══ MATERIAL TO PROCESS ══

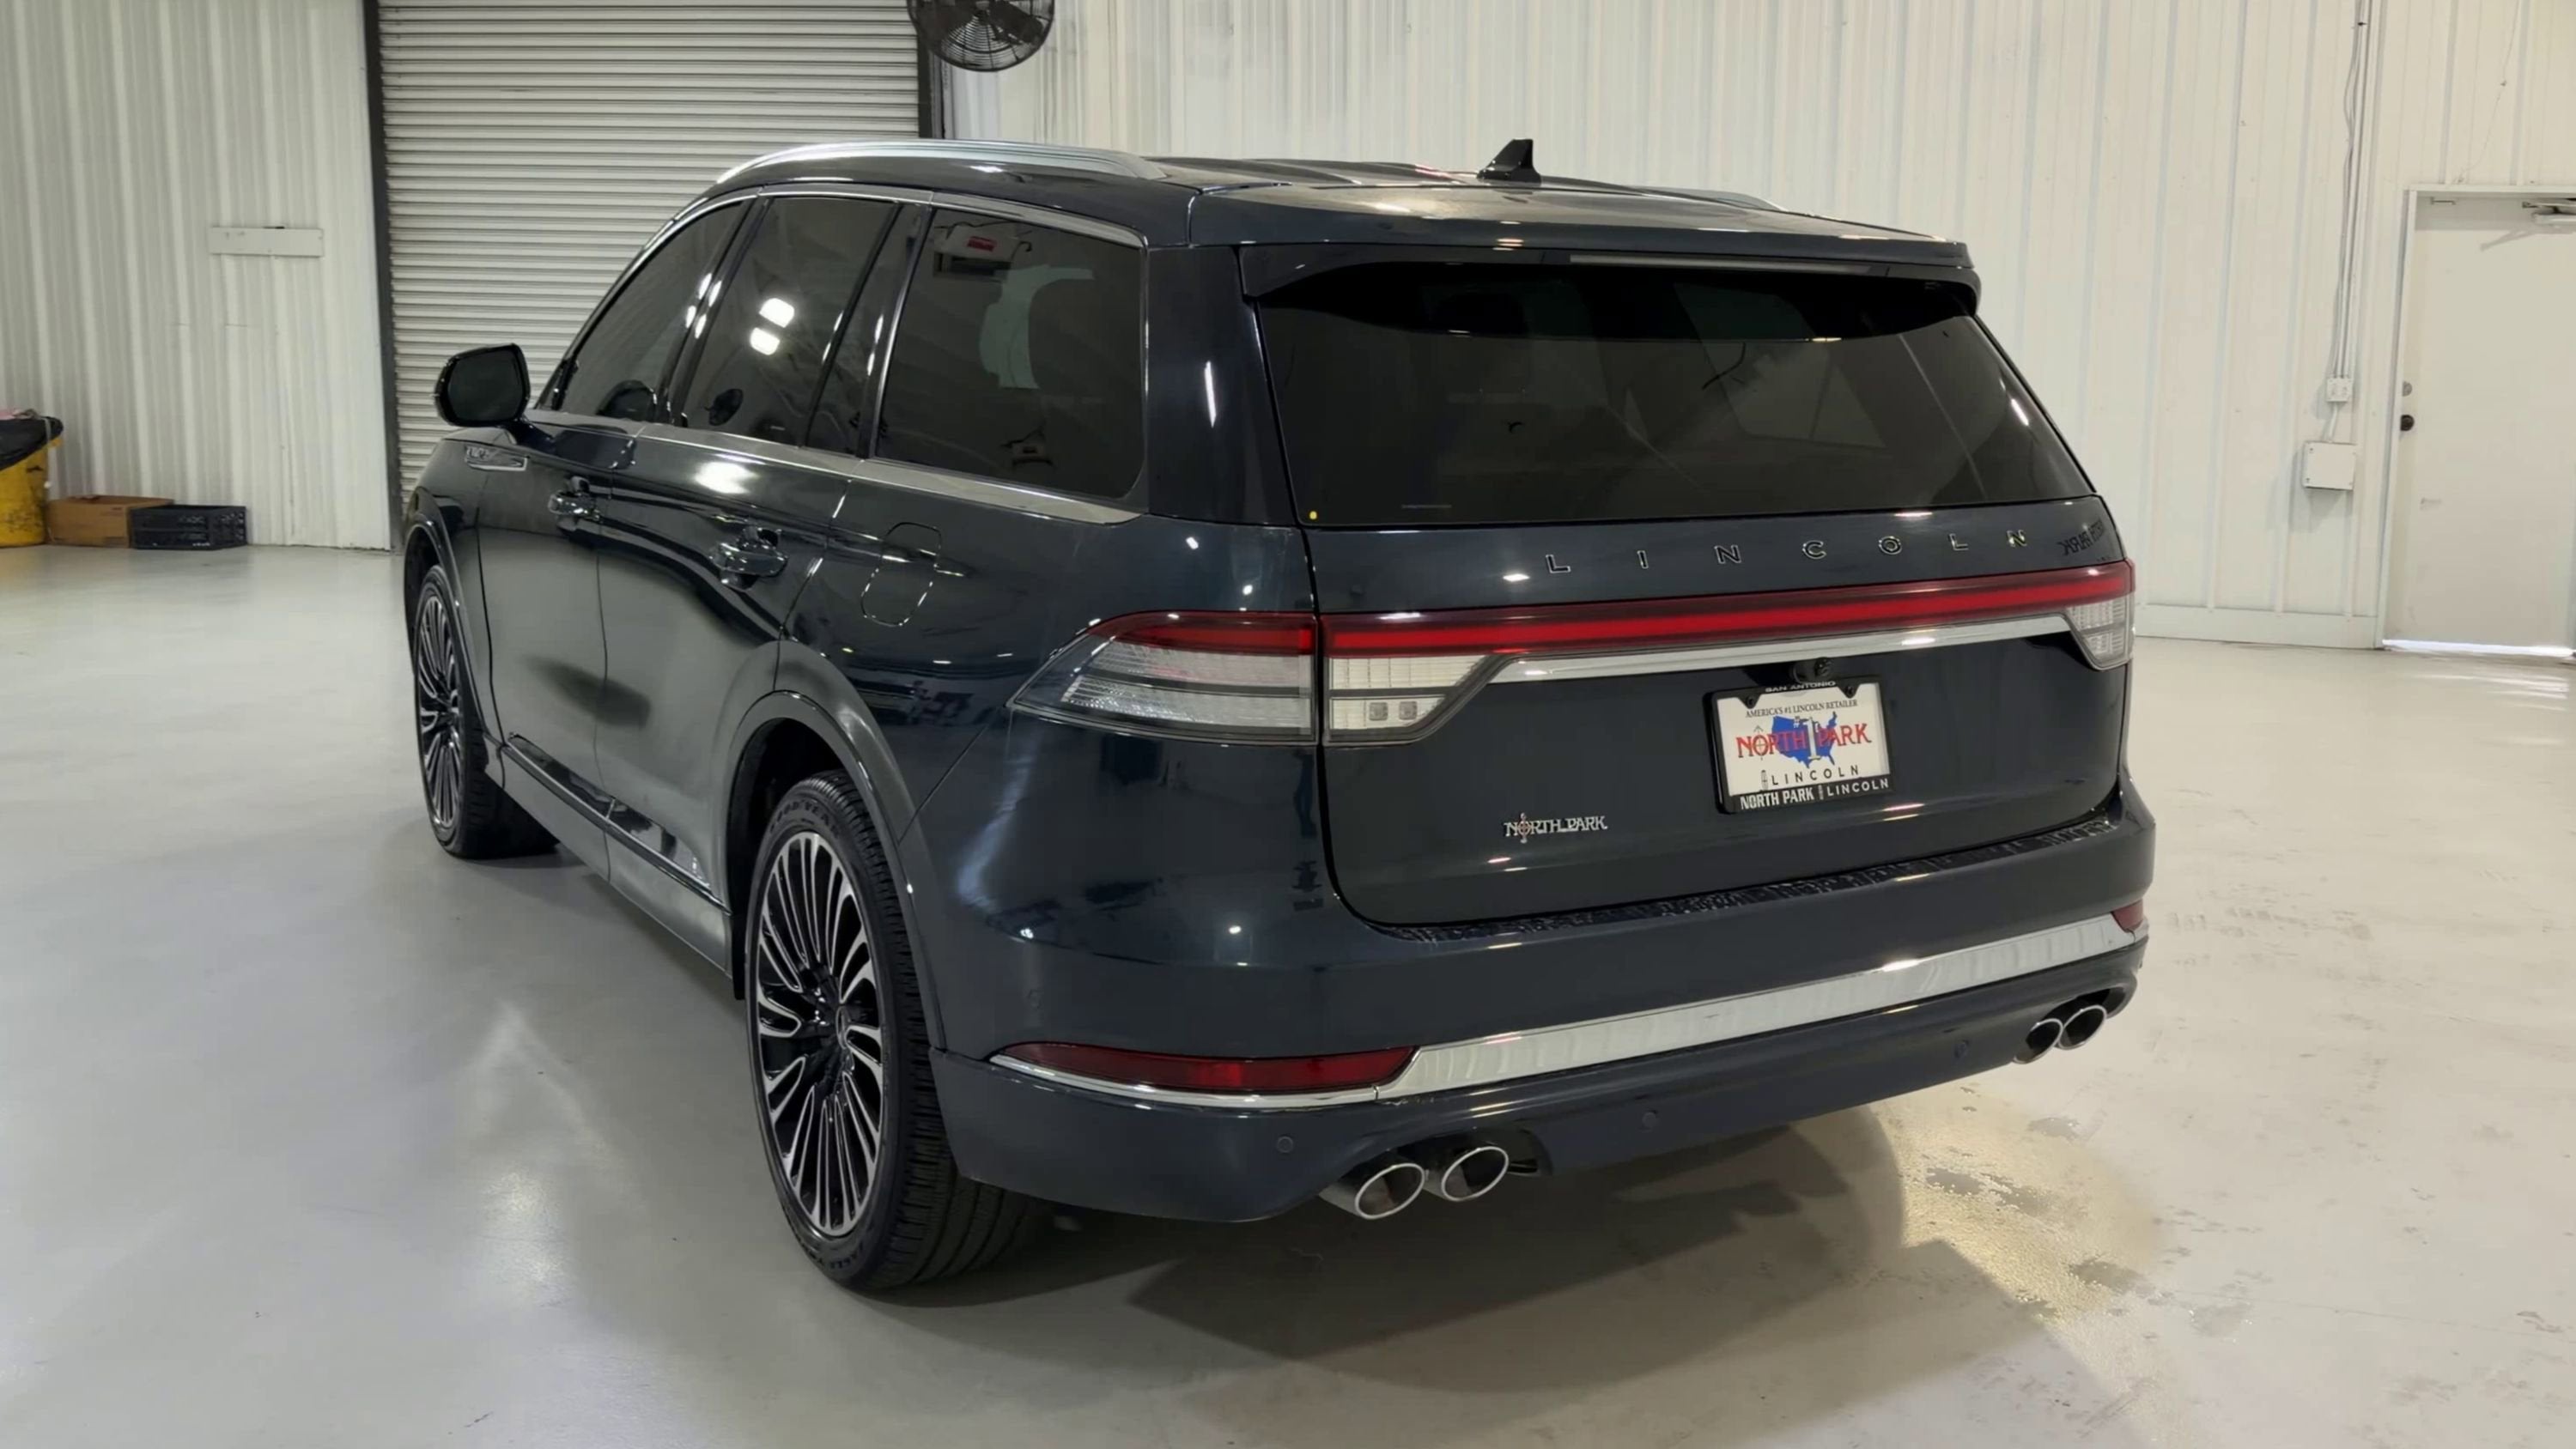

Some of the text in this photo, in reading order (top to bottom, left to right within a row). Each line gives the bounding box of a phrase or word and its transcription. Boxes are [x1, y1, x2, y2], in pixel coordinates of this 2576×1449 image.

[1546, 529, 2027, 574] LINCOLN
[1789, 681, 1836, 690] ANTONIO
[1746, 707, 1783, 718] AMERICA'S
[1792, 702, 1825, 713] LINCOLN
[1826, 700, 1858, 709] RETAILER
[1735, 723, 1872, 759] NORTH PARK
[1771, 765, 1859, 785] LINCOLN
[1741, 779, 1889, 809] NORTH PARK LINCOLN

═══

The copy you write must hold every record verbatim and none of the pictures.

ANSWER FOR THE TASK
Some of the text in this photo, in reading order (top to bottom, left to right within a row). Each line gives the bounding box of a phrase or word and its transcription. Boxes are [x1, y1, x2, y2], in pixel coordinates of this 2576×1449 image.

[1546, 529, 2027, 574] LINCOLN
[1789, 681, 1836, 690] ANTONIO
[1746, 707, 1783, 718] AMERICA'S
[1792, 702, 1825, 713] LINCOLN
[1826, 700, 1858, 709] RETAILER
[1735, 723, 1872, 759] NORTH PARK
[1771, 765, 1859, 785] LINCOLN
[1741, 779, 1889, 809] NORTH PARK LINCOLN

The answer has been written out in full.